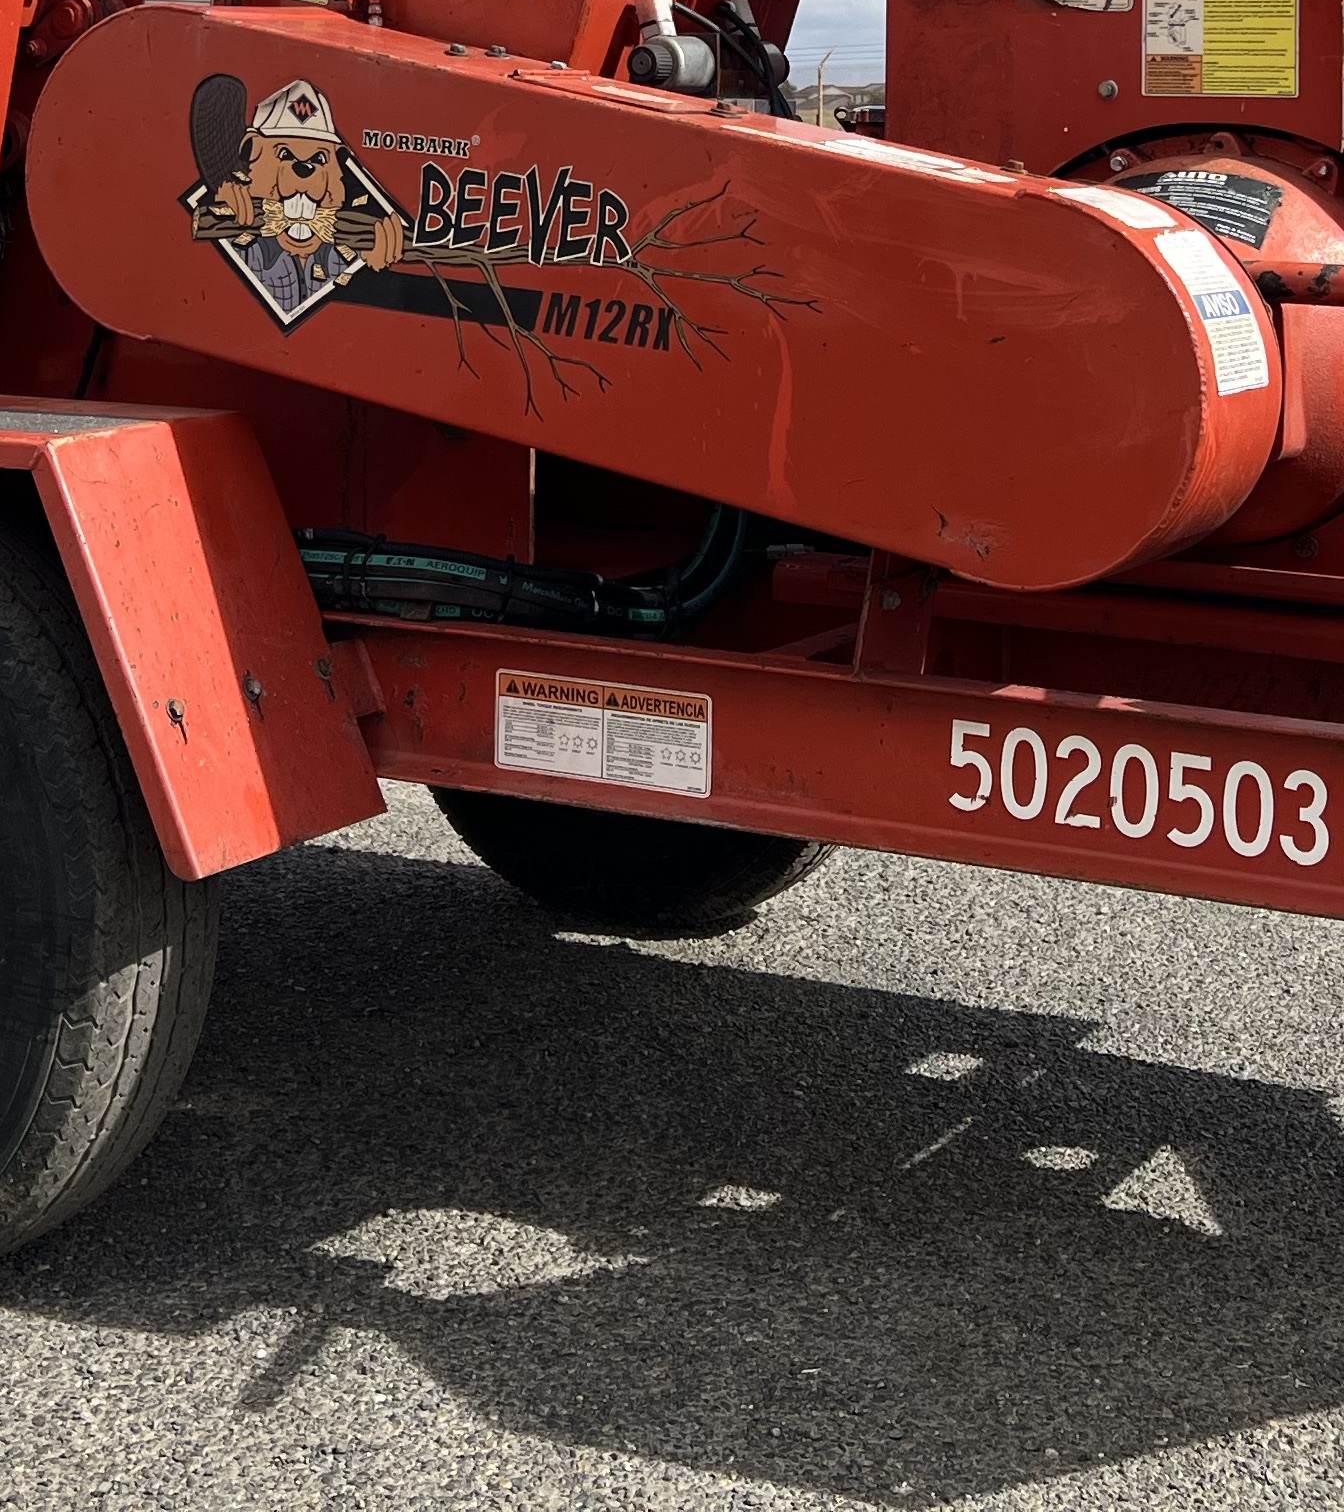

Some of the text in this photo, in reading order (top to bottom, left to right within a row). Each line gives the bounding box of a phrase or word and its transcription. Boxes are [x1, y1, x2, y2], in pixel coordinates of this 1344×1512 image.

[412, 160, 632, 267] BEEVER
[1201, 291, 1239, 318] AVISO
[542, 292, 675, 351] M12RX
[425, 560, 485, 577] AEROQUIP
[522, 681, 599, 704] WARNING
[621, 694, 705, 719] ADVERTENCIA
[948, 718, 1330, 866] 5020503

= = =

◆ Problem statement
Pictures stay out. Write out everything else in the material exactly.

◆ Response for this exercise
Some of the text in this photo, in reading order (top to bottom, left to right within a row). Each line gives the bounding box of a phrase or word and its transcription. Boxes are [x1, y1, x2, y2], in pixel coordinates of this 1344×1512 image.

[412, 160, 632, 267] BEEVER
[1201, 291, 1239, 318] AVISO
[542, 292, 675, 351] M12RX
[425, 560, 485, 577] AEROQUIP
[522, 681, 599, 704] WARNING
[621, 694, 705, 719] ADVERTENCIA
[948, 718, 1330, 866] 5020503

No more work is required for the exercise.